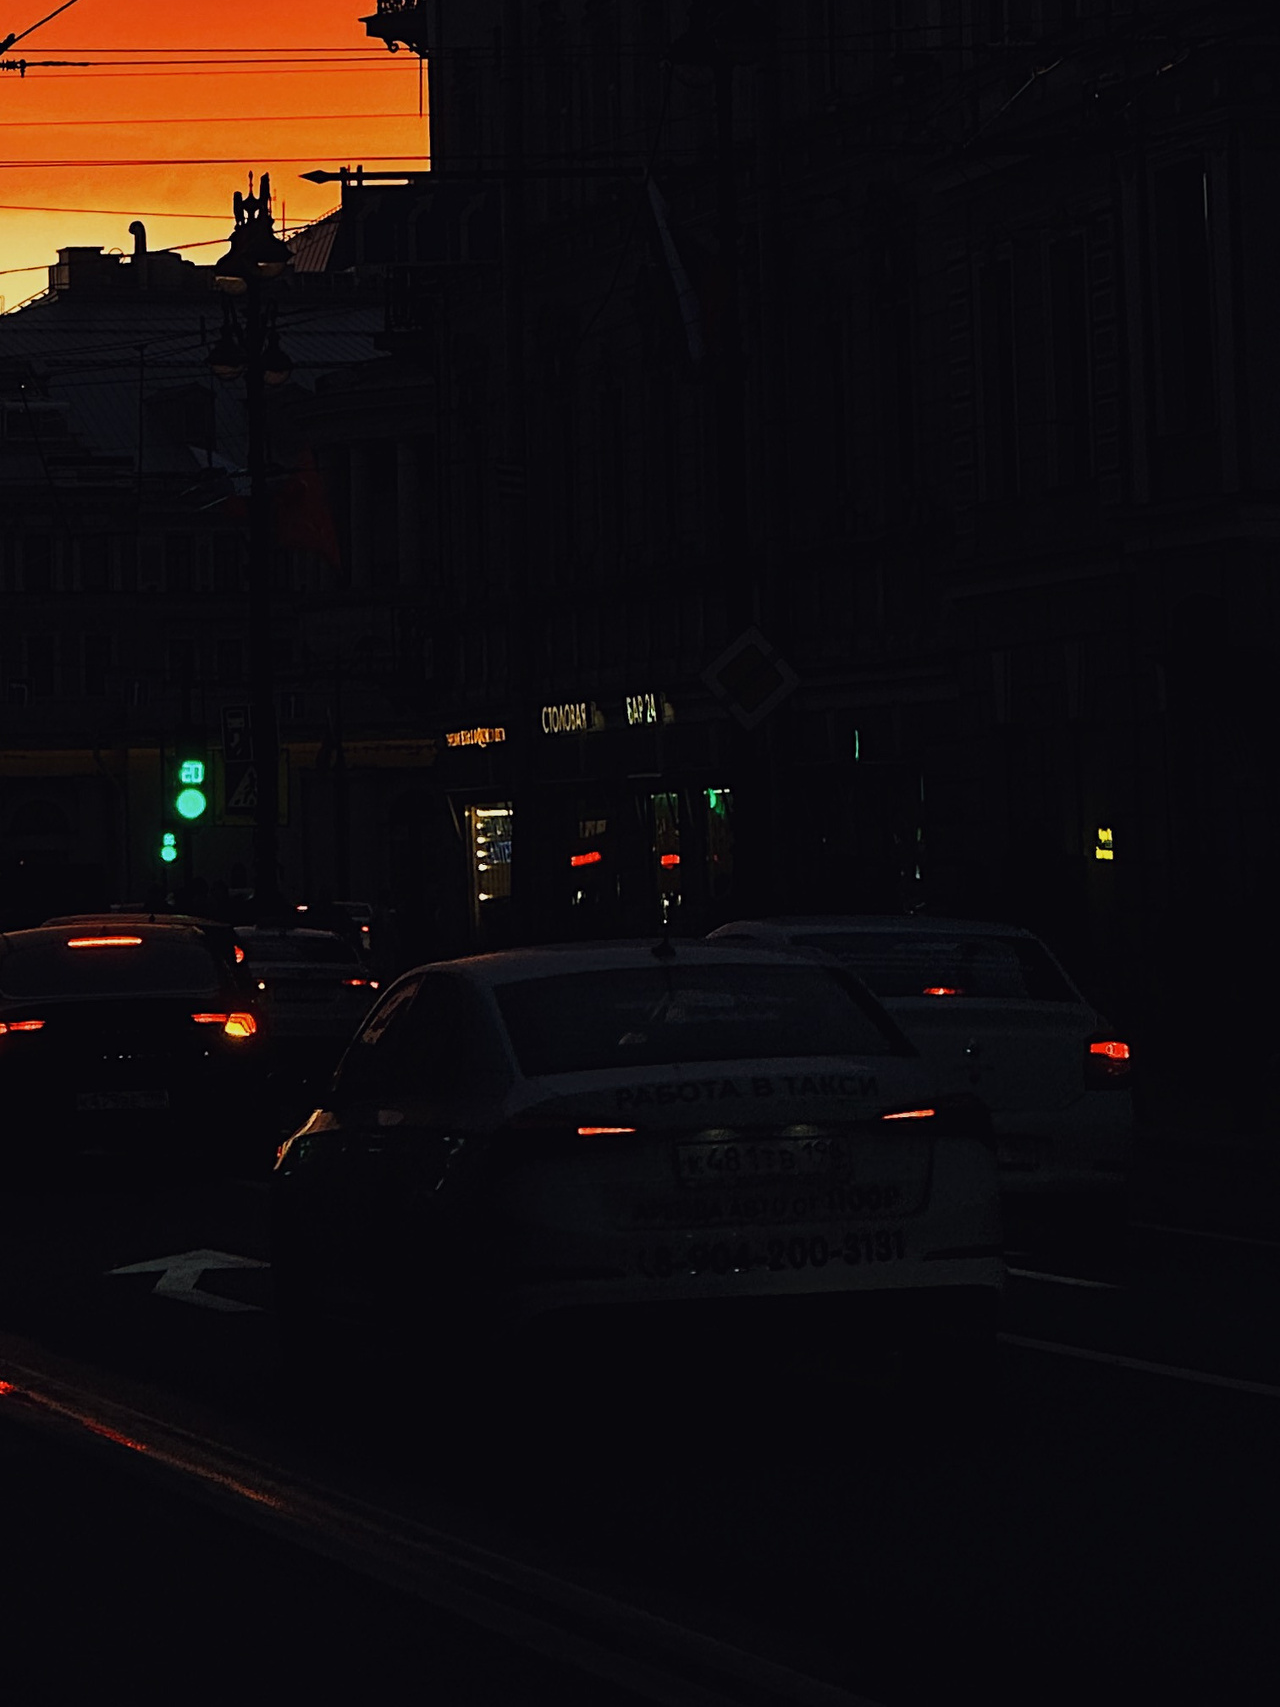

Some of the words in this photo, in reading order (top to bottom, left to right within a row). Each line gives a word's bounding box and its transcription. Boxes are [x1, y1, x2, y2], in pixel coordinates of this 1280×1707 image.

[542, 702, 587, 734] СТОЛОВАЯ
[626, 694, 643, 725] БАР
[645, 693, 657, 723] 24
[180, 761, 204, 784] 20
[615, 1079, 741, 1111] РАБОТА
[751, 1076, 774, 1098] В
[783, 1075, 879, 1097] ТАКСИ

Work task:
Each line above should be output exactly, apart from the pictures.

Solution:
Some of the words in this photo, in reading order (top to bottom, left to right within a row). Each line gives a word's bounding box and its transcription. Boxes are [x1, y1, x2, y2], in pixel coordinates of this 1280×1707 image.

[542, 702, 587, 734] СТОЛОВАЯ
[626, 694, 643, 725] БАР
[645, 693, 657, 723] 24
[180, 761, 204, 784] 20
[615, 1079, 741, 1111] РАБОТА
[751, 1076, 774, 1098] В
[783, 1075, 879, 1097] ТАКСИ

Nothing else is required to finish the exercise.